重いドアを閉め、少し進む。すると、酒を呑んでいた男が話しかけてきた。ネアリスが授けてくれた能力、『コンディクション』で、聞くことも見ることも、どれも理解できるというが……これは、能力がどのくらい有能なのか知るための…いいチャンスだ!
「へへっ、ようお嬢ちゃん!この辺じゃ見ねぇ顔だな……」
おぉ!本当にわかる!日本語で話しかけられてるみたいだ!………でも、待てよ?こちらの言葉は伝わるのか?まぁ…試そう。
「あ、あぁ、今日この街に着いたばかりでな。えぇと……結構遠い国から来たんだ。」
「へぇ、そうかい、それで見たことない訳だ。」
……!伝わった!
「俺の名はダリアス、ダリアス・エイデルだ。お前は?」
「あぁ、私はアカネ、陽野朱音だ。」
「アカネ…か。珍しい名前だな。まぁ、国が違えばそんなもんか。まぁいい、こうして知り合ったんだ、仲良くしようぜ!」
「……あぁ!」
……ク〜〜ッ!!これだよ、これ!異世界っぽくて最高じゃないか!酒場で芽生える友情、あぁ、最高!
「あ、そうだ。えぇと……ダリアスさん。」
「へへ、ダリアスでいい。その代わりに俺もアカネと呼ぶからな。…で、なんだ?」
「えぇと、じゃあ、ダリアス。私は冒険者になる為にこの街に来たのだが……どうすれば、冒険者になれる?」
「お、てことは……アカネは俺と同業者になるのか!ハッハッハ!そうならそれと早くいってくれよ!」
そういって、ダリアスは私の背中を軽く叩いた。そして、ついてこい、と手招きをした。
「お〜い、姐ちゃん!このお嬢ちゃん、アカネが冒険者になりたいんだとよ!」
「は、は〜い、今行きます!」
店の奥からドタバタと音がした。そして、奥から黒髪の女性が走ってきた。
「はい……ハァ……ハァ………こちらに……ついてきてください……」
「姐ちゃん、だいぶ忙しいみてぇだな!が、このアカネのことを頼むぜ。冒険者登録の手続きをしてやってくれ。」
ダリアスが笑いながら言う。
「ありがとう、ダリアス。協力感謝するよ!」
「何、礼には及ばん。それよりも、後でその姐ちゃんに礼を言いな。」
「……あぁ。」
私は、ダリアスが「姐ちゃん」と呼ぶ女性についていった。
「……アカネ………『赤眼持ち』、それに『真紅の髪』か………こいつは、どえらい能力値かもなぁ……もしかすると、ギルドは大騒ぎになるかもな。」
さっき、ダリアスが『姐ちゃん』と呼んでいたこの女性は、ティナウ・レルガーという名前らしい。私は、彼女の指示に従い、冒険者登録の手続きをしていた。
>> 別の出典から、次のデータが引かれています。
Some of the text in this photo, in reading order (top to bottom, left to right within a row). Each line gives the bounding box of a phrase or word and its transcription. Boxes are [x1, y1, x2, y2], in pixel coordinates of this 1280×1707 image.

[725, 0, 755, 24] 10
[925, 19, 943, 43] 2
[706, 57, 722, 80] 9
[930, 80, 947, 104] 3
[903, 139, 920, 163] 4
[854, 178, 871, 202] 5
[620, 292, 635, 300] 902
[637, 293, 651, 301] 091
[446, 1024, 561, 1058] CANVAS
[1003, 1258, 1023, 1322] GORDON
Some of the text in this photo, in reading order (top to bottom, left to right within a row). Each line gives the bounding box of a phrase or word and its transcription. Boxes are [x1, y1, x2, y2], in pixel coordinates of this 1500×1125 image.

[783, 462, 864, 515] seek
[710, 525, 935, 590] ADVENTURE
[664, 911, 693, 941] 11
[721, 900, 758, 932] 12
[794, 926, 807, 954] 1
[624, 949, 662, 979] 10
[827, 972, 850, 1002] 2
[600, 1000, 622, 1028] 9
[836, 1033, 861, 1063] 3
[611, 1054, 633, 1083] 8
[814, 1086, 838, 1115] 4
「はい、じゃあ最後に、この『魔法水晶』に手を翳して。」
「翳すとどうなるんだ?」
「……アカネさんの能力値、能力などがわかります。さ、早く。」
「あぁハイ。」
その『魔法水晶』とやらに手を翳す………あれ?何か、水晶に映ってる私……髪の毛と……目の色が……赤くなってない?
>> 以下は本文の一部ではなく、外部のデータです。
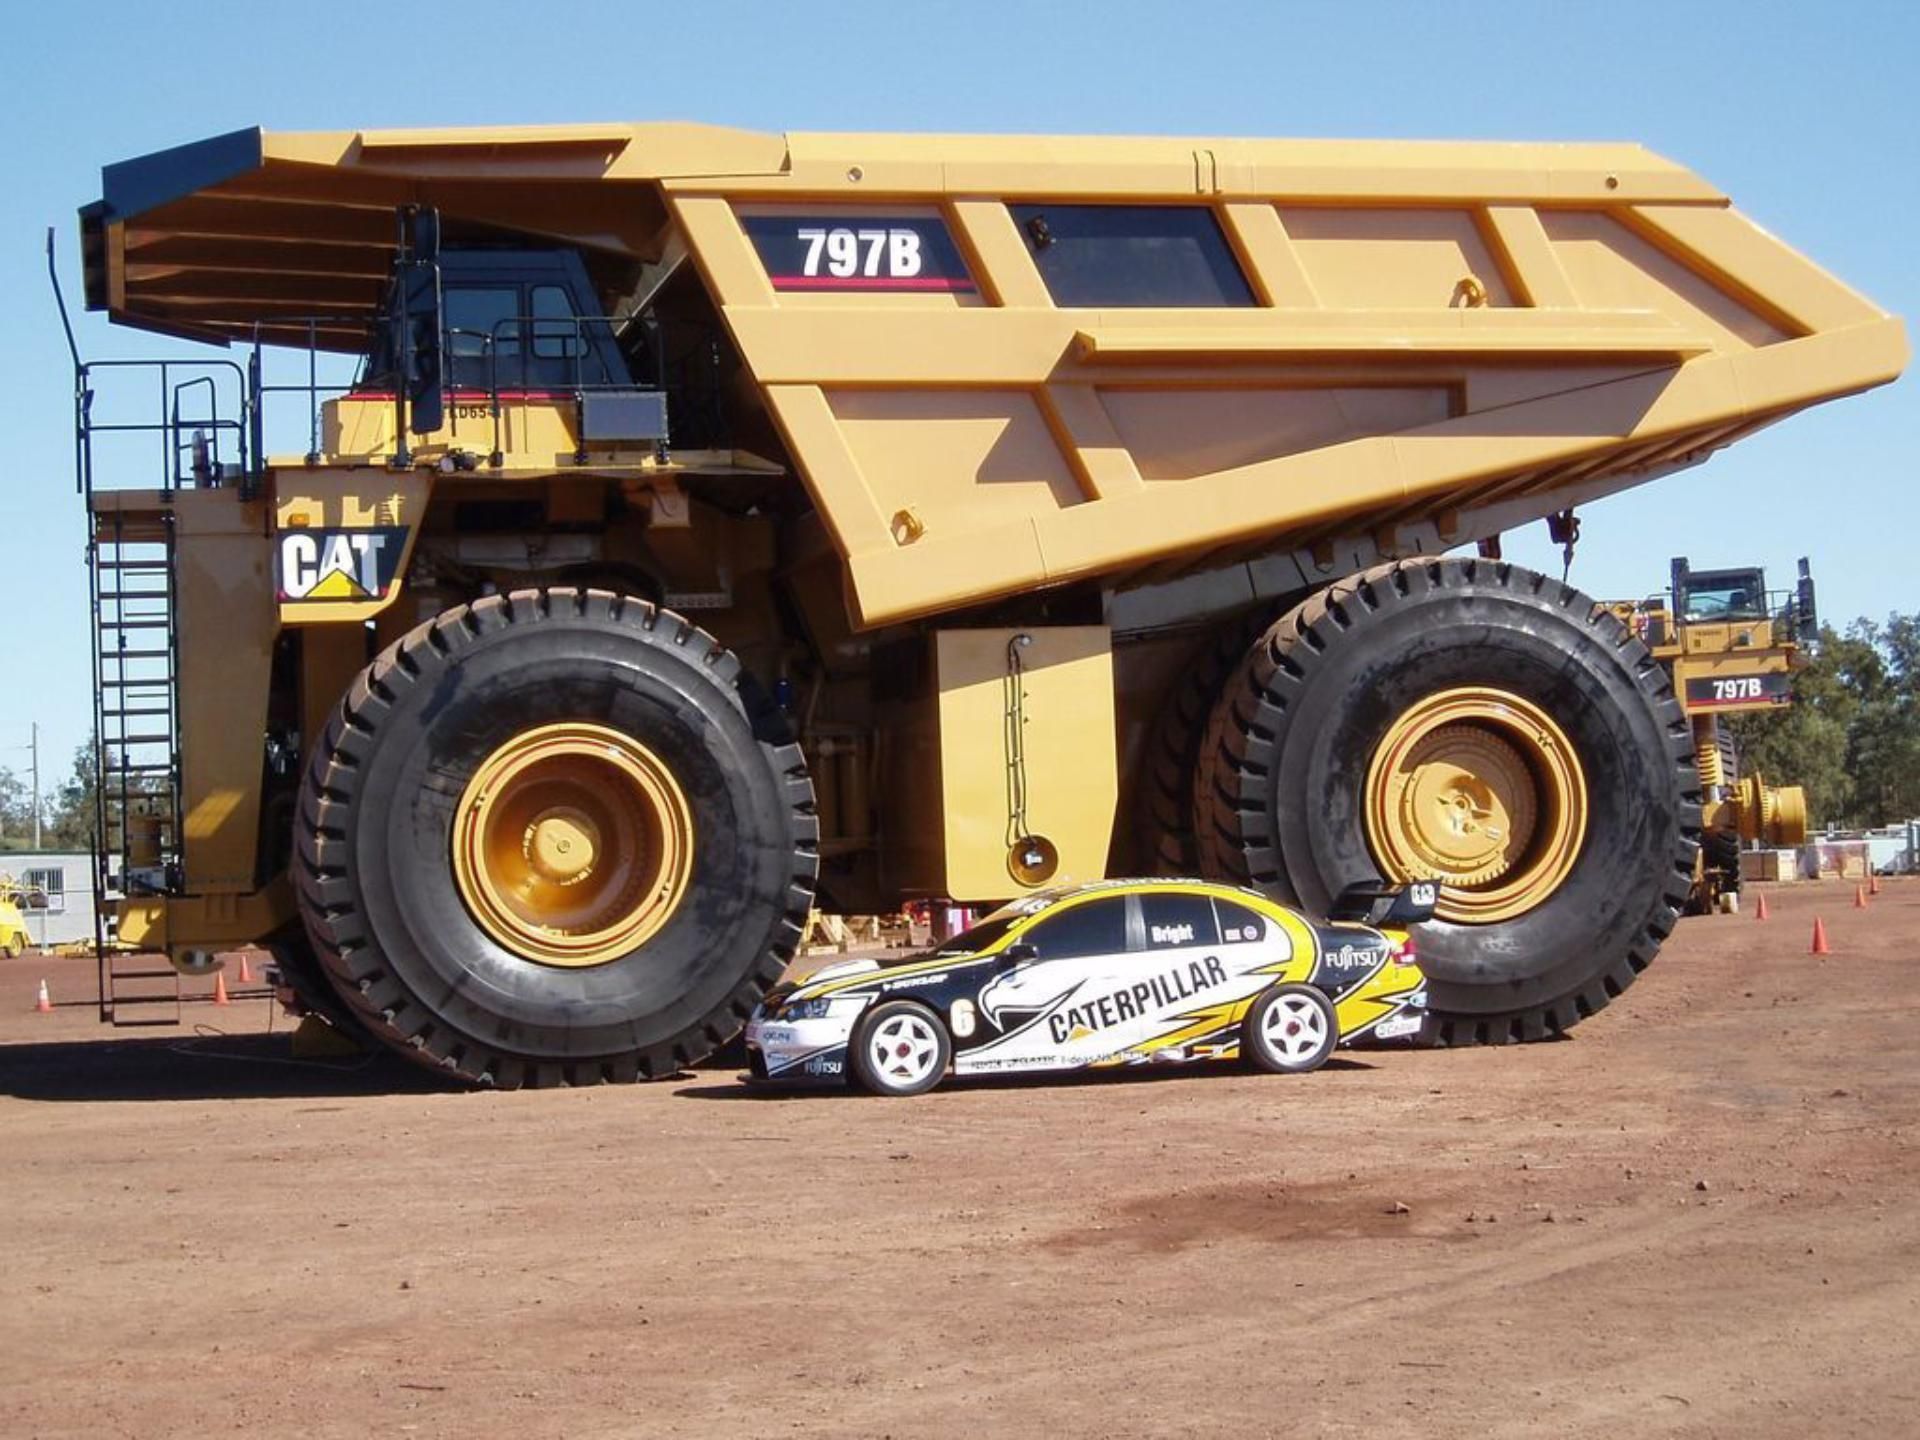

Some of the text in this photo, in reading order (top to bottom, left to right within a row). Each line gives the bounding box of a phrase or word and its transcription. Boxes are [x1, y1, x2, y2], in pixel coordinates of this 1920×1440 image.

「ねぇ、ティナウ。もしかして……私の目と髪って……赤い?」
「はぁ、何故そのような質問をするのかわかりませんが……まぁ、はい、真っ赤です。真紅ですね。」
転生したことで、外見に変化が、生じたらしい。なんか……赤眼の赤髪って、私の好みにどストライクなんですけど、そんな私にどストライクな女の子に、私がなってるんですけど!
「うん、いや、私なんでこんな質問したんだろ?」
自分の、叫びたい程の喜びを、適当な言葉で押し込んだ。
「私と話すのではなく、水晶に手を翳してください。」
「あ、は〜い。」
手を翳した次の瞬間、水晶が明るい光を放った。すると、目の前に、一枚の紙……いや、カードのような物が置かれていた。水晶から出てきたのか?まるで、プリンターみたいだ……
「はい、ティナウ。これでいいの?」
「はい、大丈夫です。あ、カード、見せてください。アカネが職業を選ぶ時の、オススメ職業の提案の参考にしたいので。」
「あぁ〜、冒険者って言っても、様々な役職があるからね〜、どんなゲームでも。」
「……げぇむ?」
「あっいやいや!こっちの話!」
そうか、この世界にはゲームがないのか……とりあえず、ティナウにカードを渡す。
ティナウはカードを受け取り、それを見始めた。すると、
「うわぁ!?」
突然、ティナウが大声を出し、腰を抜かしたみたいにヘタリと床に座り込んだ。
「なに、ティナウ、どうしたの!?」
「あ、ああ、アカネ!この能力に能力値……おかしい!おかしいよ!」
「なんだなんだ?」「どうしたティナちゃん。」
「何があったんだ!?」
大声で慌てているティナウの声を聞いて、ギルド内にいた人々が次々に集まってくる。
「これ…そこの…アカネってこの…レベル…まだ1の子の……能力値カード……」
「「「…………はぁぁぁぁぁ!?!?」」」
「なんだこの能力値!?」
「この能力、この子、まだレベル1だろ!?ありえない!」
「あの〜……何がそんなにおかしいんですか?私の能力値カード……」
「だって……これ、お前……アカネとか言ったな。自分の能力や能力値に自覚がないのか!?」
「ほら、ここ!この能力!『コンディクション』!これ、超貴重な能力で、持ってるヤツは世界に32人しかいないんだぜ!?」
「えぇ!?そうなの!?」
「あぁ、それに、これもだ!!『イフリート』!!炎系能力の中でも最強クラスのヤツだ!レベル1の駆け出しが持ってるようなやつじゃねえ!」
「え、何その能力、初耳なんですけど!?」
「自覚無しに生きてきたのか!?それに……この自動能力の項目……滅多に見れない能力ばかりだぜ?『戦鎚特化』『炎神の守護』『勇敢な攻撃手』……どれも希少能力だ!!」
「えぇ!?」
ね、ネアリス!ちょっとオマケし過ぎなんじゃないか!?
気がつくと、ギルド内にいたほぼ全員の人間に囲まれていた。しばらくの間、人々に質問攻めを喰らい続けた。
すると、突然、周りが静かになった……人々が、まるで道を作るように、空間をつくっていく。そこを、一人の老人が、こちらに向かって歩いてきた。